**What to do**: Write out the records in full and without alteration, setting aside their pictures.

********

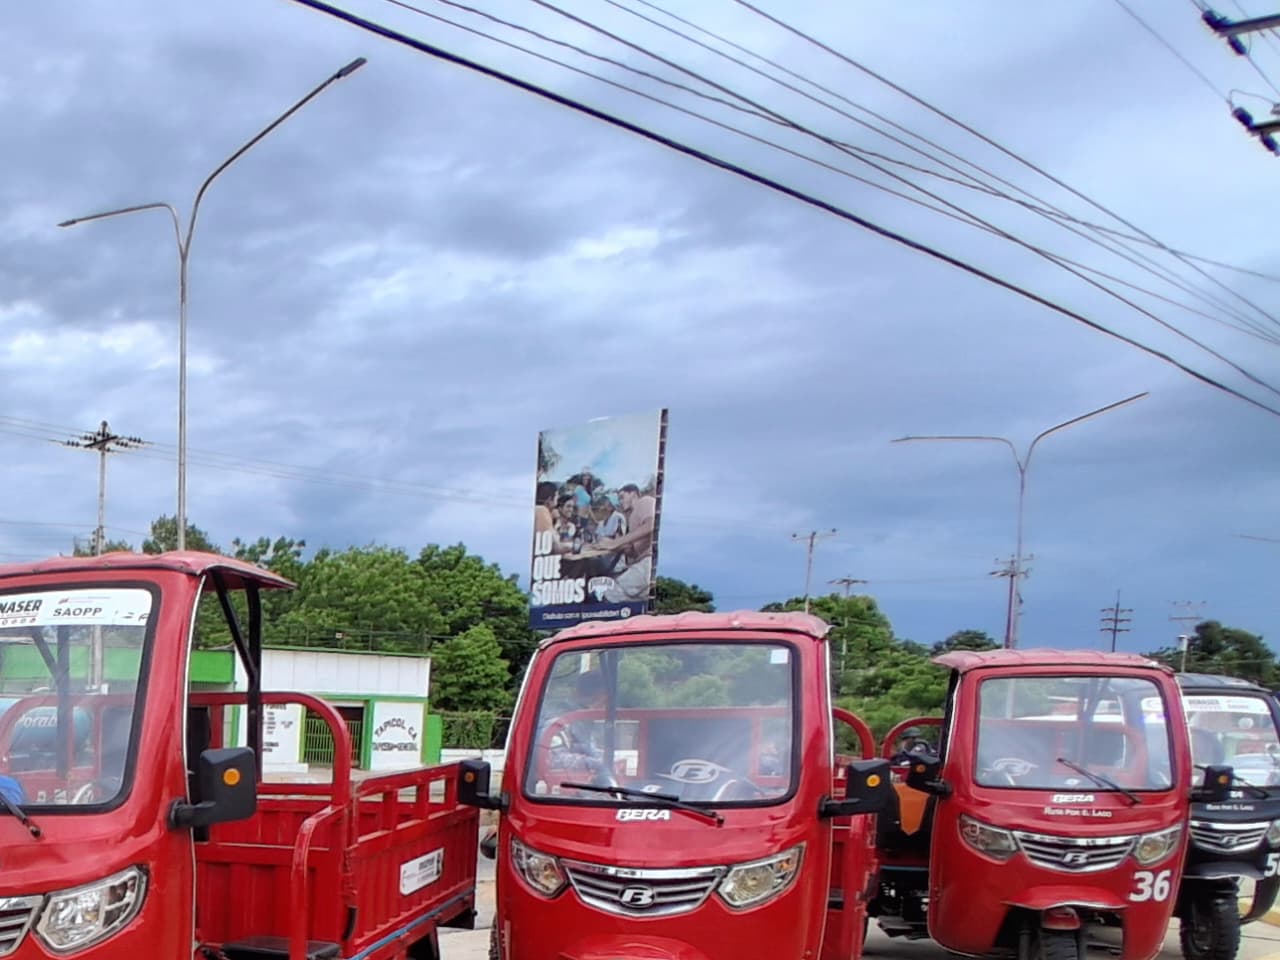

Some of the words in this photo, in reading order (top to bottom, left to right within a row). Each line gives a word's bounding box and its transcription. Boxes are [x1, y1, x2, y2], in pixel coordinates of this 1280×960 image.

[535, 531, 553, 555] LO
[533, 555, 562, 580] QUE
[532, 578, 586, 606] SOMOS
[52, 607, 103, 617] SAOPP
[616, 809, 671, 821] BERA
[1264, 853, 1280, 877] 5
[1129, 870, 1171, 902] 36
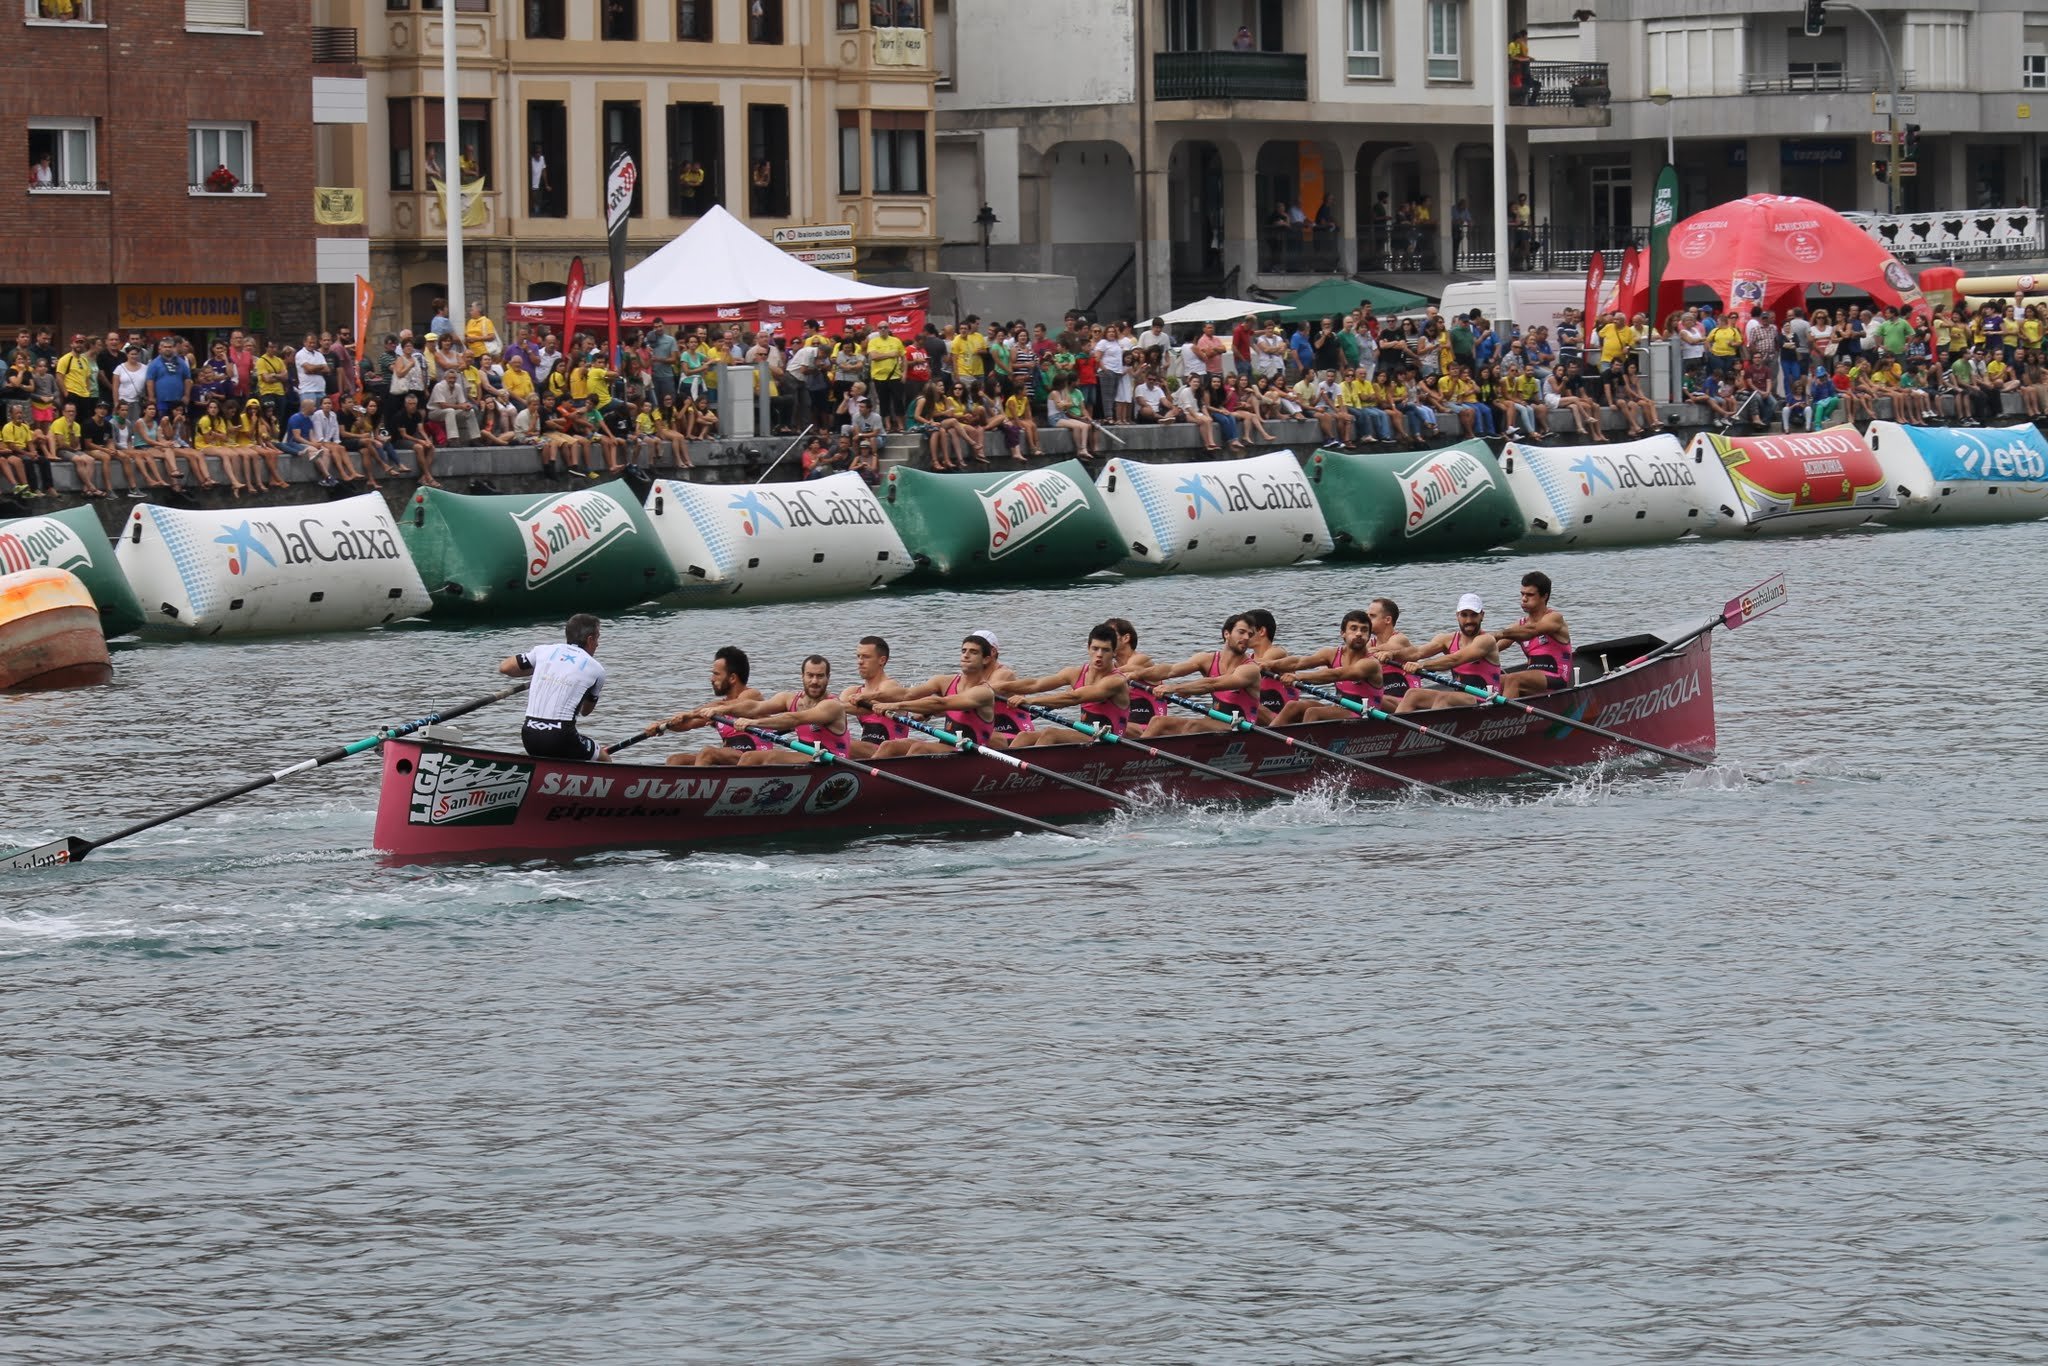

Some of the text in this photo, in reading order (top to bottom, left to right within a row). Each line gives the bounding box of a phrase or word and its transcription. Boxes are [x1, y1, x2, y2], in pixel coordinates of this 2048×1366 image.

********

**Response to this exercise**:
Some of the words in this photo, in reading order (top to bottom, left to right within a row). Each line gives a word's bounding box and its transcription. Boxes are [x1, y1, x2, y2], in pixel coordinates of this 1280×960 image.

[535, 531, 553, 555] LO
[533, 555, 562, 580] QUE
[532, 578, 586, 606] SOMOS
[52, 607, 103, 617] SAOPP
[616, 809, 671, 821] BERA
[1264, 853, 1280, 877] 5
[1129, 870, 1171, 902] 36

Some of the text in this photo, in reading order (top to bottom, left to right within a row). Each line gives the bounding box of a phrase or word and its transcription. Boxes are [x1, y1, x2, y2], in pixel coordinates of this 2048×1366 image.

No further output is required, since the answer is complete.